Unlocking the Secrets of Insulin
Discovering exactly how insulin interacts with cells could point researchers toward new, improved treatments for diabetes and other diseases.
By Alexander Gelfand
When Case Western Reserve’s Michael Weiss, MD, PhD, first began investigating insulin as a resident at the Brigham and Women’s Hospital in Boston in 1985, an adviser at Harvard Medical School tried to warn him off the topic. The adviser suggested that studying a protein whose mysteries already had been solved risked impairing the young scientist’s career.
Fortunately, he didn’t listen.
Earlier this year, Weiss and an international team of researchers produced the first 3-D image of the hormonereceptor complex to discover how insulin binds to the surface of cells. Their findings could lead to safer, more effective forms of insulin and possibly eliminate the need for insulin injections, carrying profound implications for diabetes patients.

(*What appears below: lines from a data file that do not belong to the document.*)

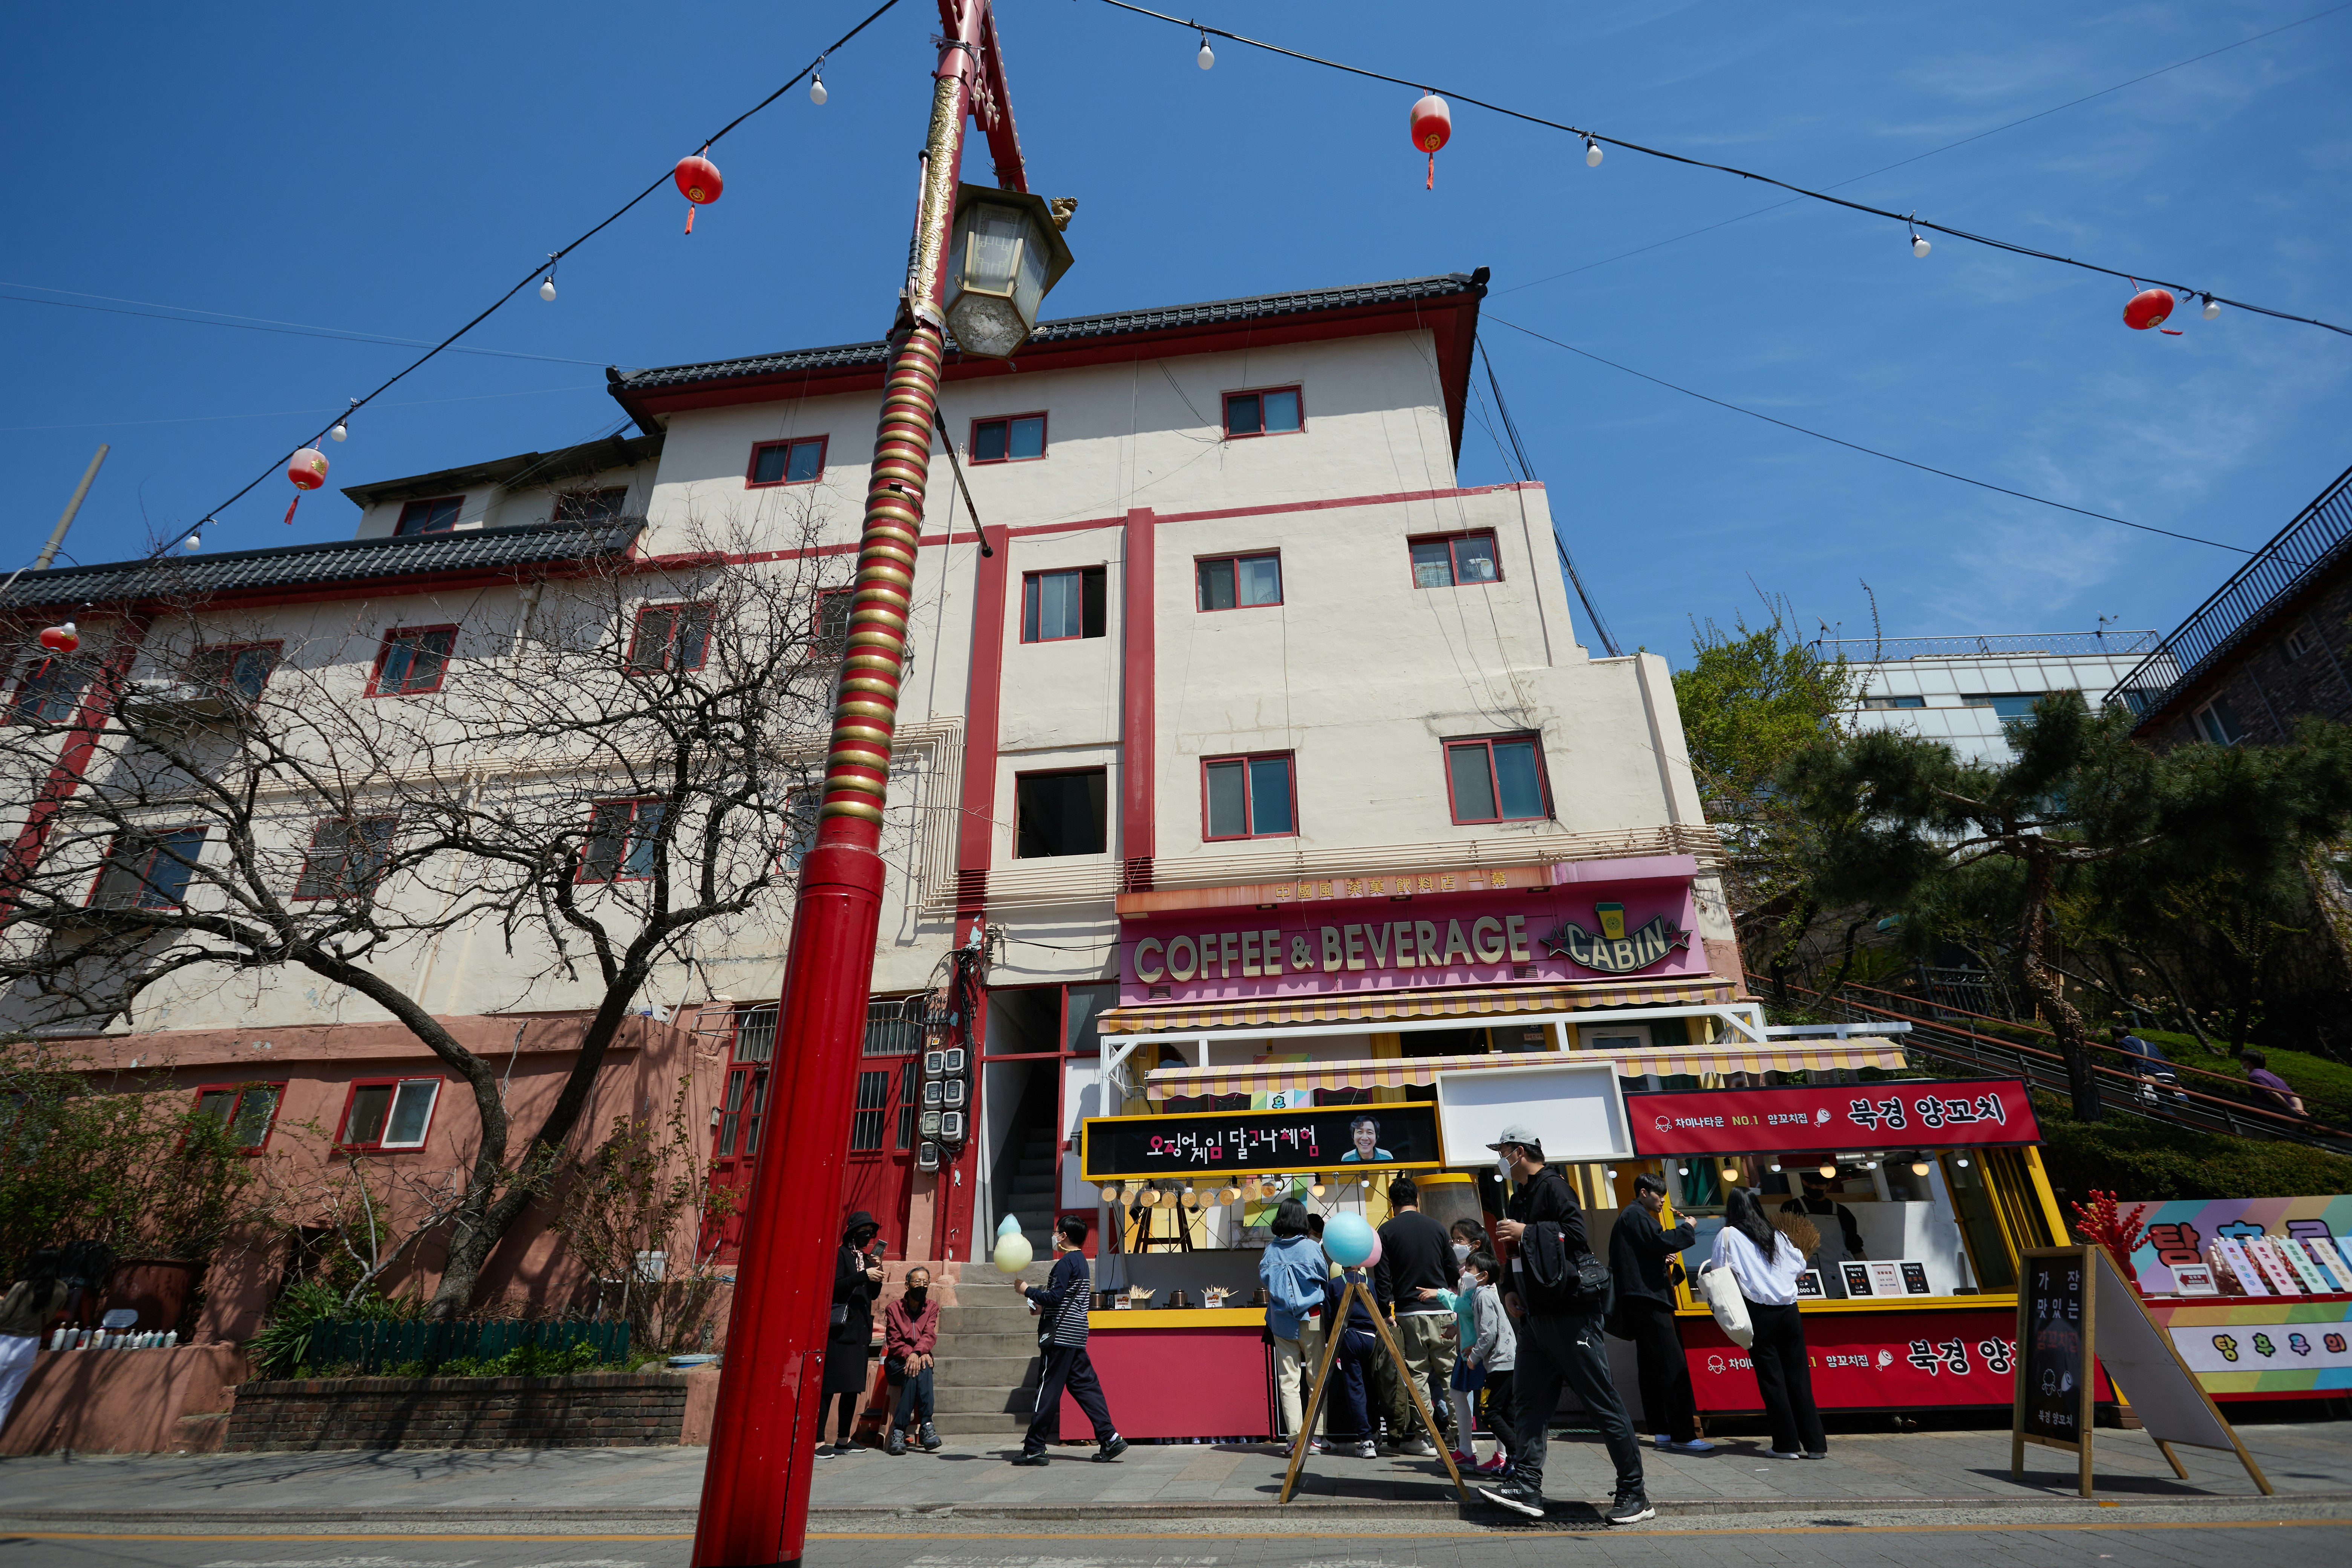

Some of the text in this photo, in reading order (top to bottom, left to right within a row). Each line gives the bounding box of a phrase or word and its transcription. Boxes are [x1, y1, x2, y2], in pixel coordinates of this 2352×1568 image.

[1276, 882, 1334, 900] 中國風
[1347, 879, 1385, 895] 茶菓
[1396, 875, 1455, 893] 飲料店
[1134, 915, 1531, 983] COFFEE & BEVERAGE
[1566, 916, 1667, 970] CABIN
[1675, 1092, 2005, 1131] 차이나타운 NO.1 양꼬치집 북경 양꼬치
[1826, 1355, 1870, 1368] 양꼬치집
[1907, 1337, 1971, 1376] 북경
[2038, 1409, 2073, 1427] 북경 양꼬치

"If something’s been done a thousand times, then you’re confident the
technique works. But if it’s a new approach, you get nervous.”"
Michael Weiss, MD, PHD
Discovered in 1921, insulin has been used to treat diabetes since 1922 and is taken by a large proportion of the 25.8 million Americans with the disease. Researchers began mapping its molecular structure—the key to understanding how the hormone functions in the body—in the late 1960s.

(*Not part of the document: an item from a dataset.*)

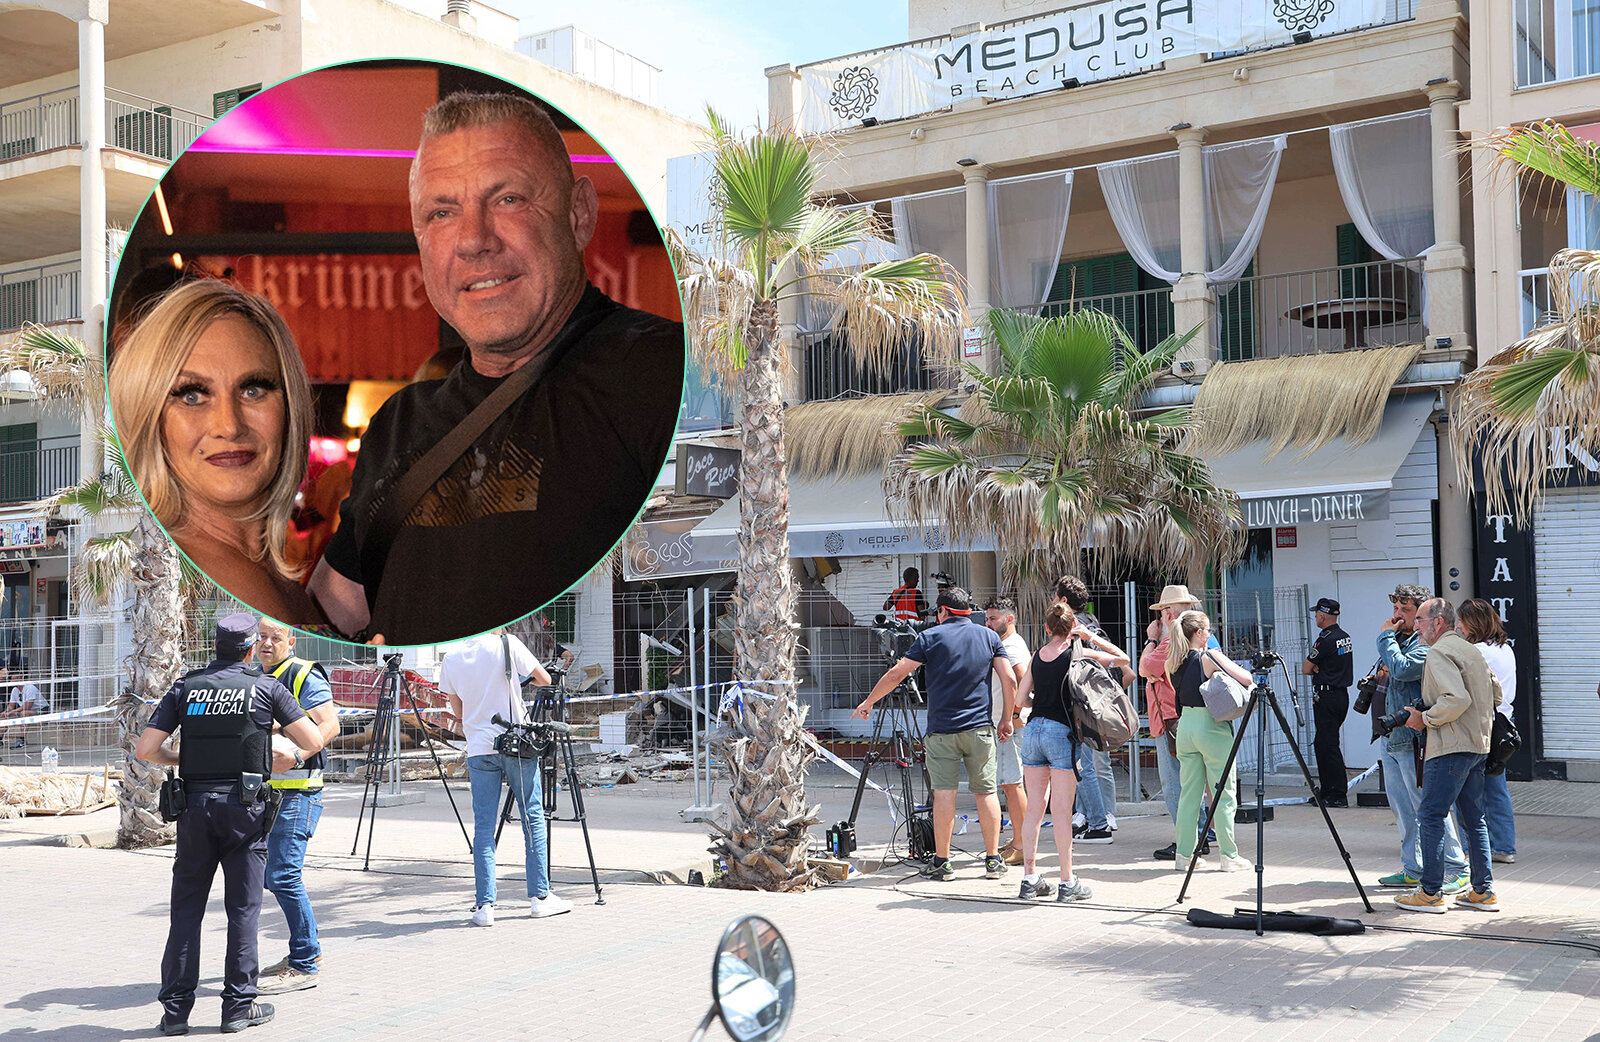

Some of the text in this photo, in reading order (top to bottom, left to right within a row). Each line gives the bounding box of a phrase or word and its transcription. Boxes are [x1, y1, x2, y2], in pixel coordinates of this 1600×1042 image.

When Weiss entered the field nearly three decades ago, most people thought insulin’s structural questions had been answered. However, Weiss says, “Most of what we thought we knew about insulin in 1985 turned out to be incomplete—or even wrong.”
A hormone and its receptor, a large and specialized molecule on the surface of many cells, fit together like a key and lock. When the key finds the lock, it turns something on; in the case of insulin, it tells our cells to absorb sugar (glucose) from our blood for use or storage as energy.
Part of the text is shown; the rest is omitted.